Have you ever?

This is jes something i wrote…i think it speaks for itself…
…Have you ever been afraid to love…or afraid of how much you loved something…have you ever loved someone so much,for so long,and still hav no idea why? and even though all the circumstances surrounding that person are so wrong…

everything about being with them is wrong…yet still you cant help but adore them? and the more u try to surpress it..the more it comes out….i have…
Have you ever wanted someone so badly that you can feel them in your dreams-hear them-taste them almost and suffered the burning pain of loss when you wake up and open your eyes to discover that it was nothing more than a dream…i have…
Have u ever felt like u were insignificant…non existant…invisable…like no matter what u do…things will never change…
Have u ever had to watch others over and over flash their knowing smiles when they got what they knew u wanted…and had to smile back because what u wanted with all your heart was theirs now….and there was nothing u could ever do to change that….have u ever felt the frustration and the helplessness and the hurt and the anger grow inside of you like acid eating away at the coer of your very being…gradually growing…while you smile on the outside and continue to give and to give until the anger turns into resentment and the resentment into pain….and the pain into guilt…the guilt into tears….numbness….selfhatred…then the brief feeling of relief in the belief that one day you will be better off than them….one day it will get back to them….one day….
Have you ever felt like somebody else is always getting what u want and simply cant help but wonder-why them…why not me….i could be so good to that person,for that person….i could love them so much more….have you ever had so much to say…..but no voice to say it with….
i have…..

24 comments

  1. I know exactly how that feels, it feels horrible
    when you have something to say to someone
    that you really care for but are afraid to say it for fear that it may hurt them or that their reply may hurt you . It really blows.
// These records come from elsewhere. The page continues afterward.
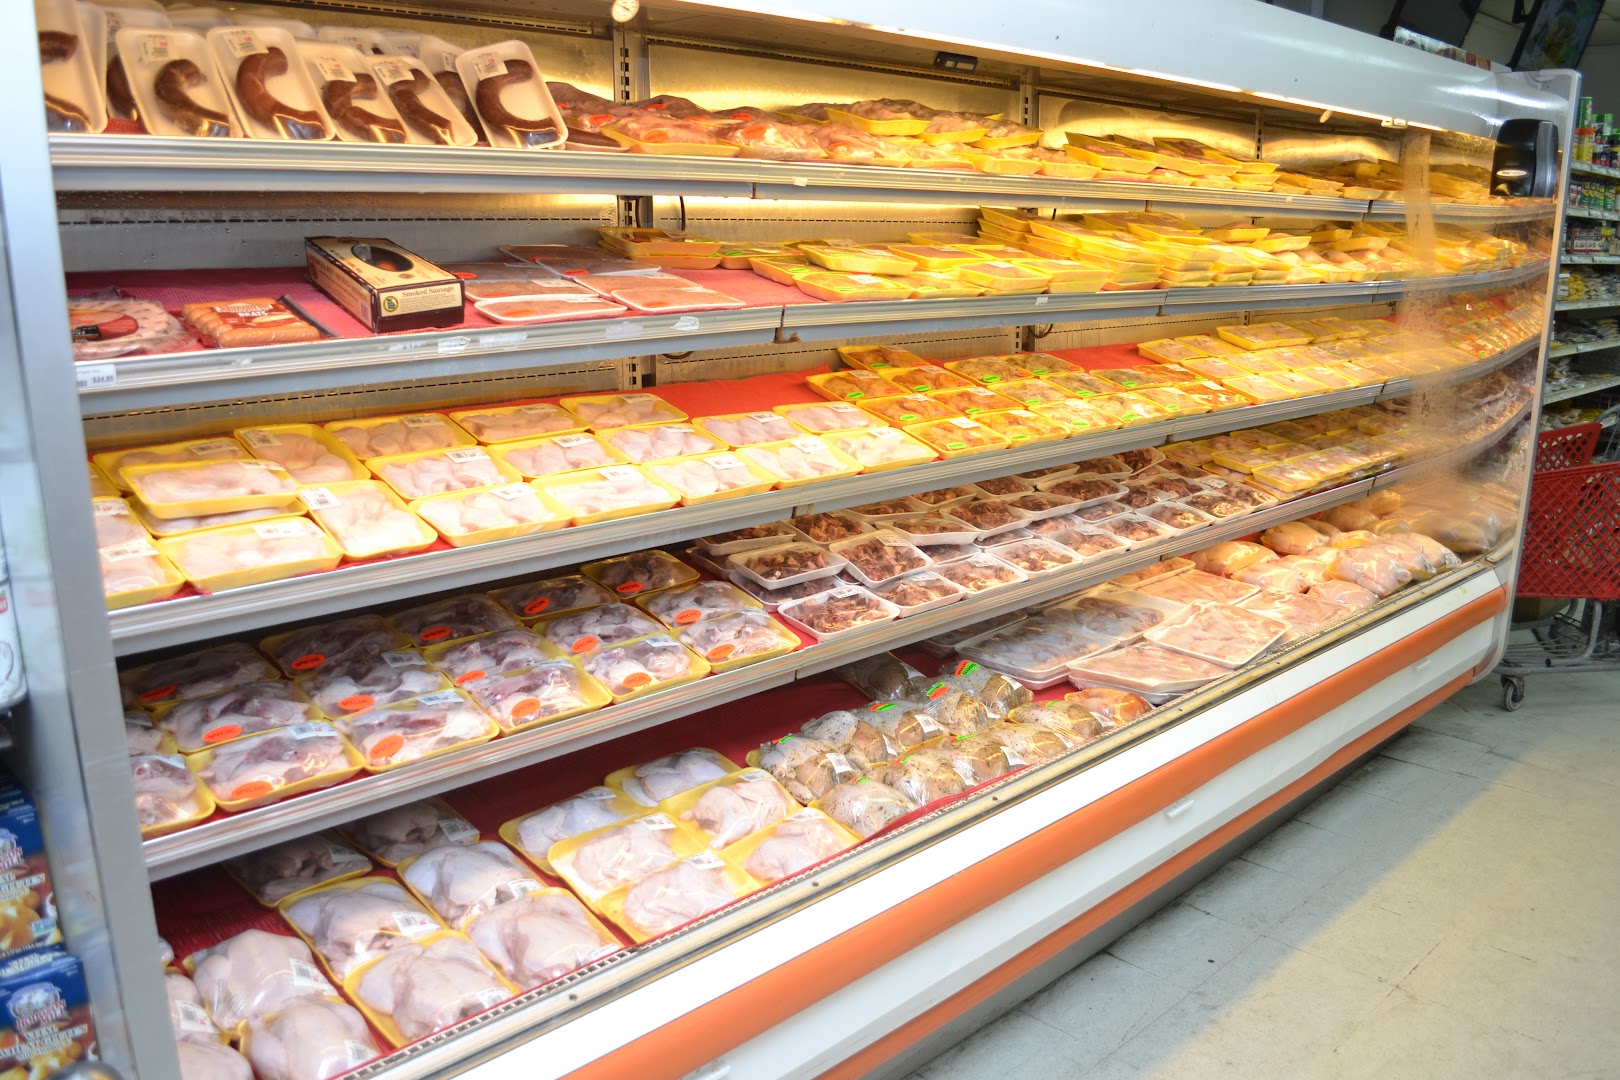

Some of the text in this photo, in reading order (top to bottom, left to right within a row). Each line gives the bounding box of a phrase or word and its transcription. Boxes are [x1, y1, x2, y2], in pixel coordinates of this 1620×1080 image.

[402, 286, 455, 298] Smoked Sausage
[619, 583, 639, 592] SPECIAL
[527, 598, 547, 612] SPECIAL
[678, 611, 699, 622] SPECIAL
[423, 627, 448, 638] SPECIAL
[574, 638, 595, 651] SPECIAL
[712, 645, 732, 657] SPECIAL
[295, 656, 321, 667] SPECIAL
[626, 675, 647, 686] SPECIAL
[342, 698, 369, 707] SPECIAL
[513, 701, 537, 715] SPECIAL
[208, 727, 238, 740] SPECIAL
[373, 739, 401, 756] SPECIAL
[236, 784, 268, 796] SPECIAL
  2. I know how you feel too, it really sucks it always happens to me, when im too afraid to say what i really feel, then that person is gone and it hurts so much. Its happening to me now, theres someone im in love with and have been for a year and ive been to afraid to say anything and now ive found out that its to late because hes going back to china and i will never know what we could have been. That really hurts.

  3. Thanks for responding…its nice to know that there other people out there who know how i feel….love is such a fucked up thing….its like a friggin rollercoaster…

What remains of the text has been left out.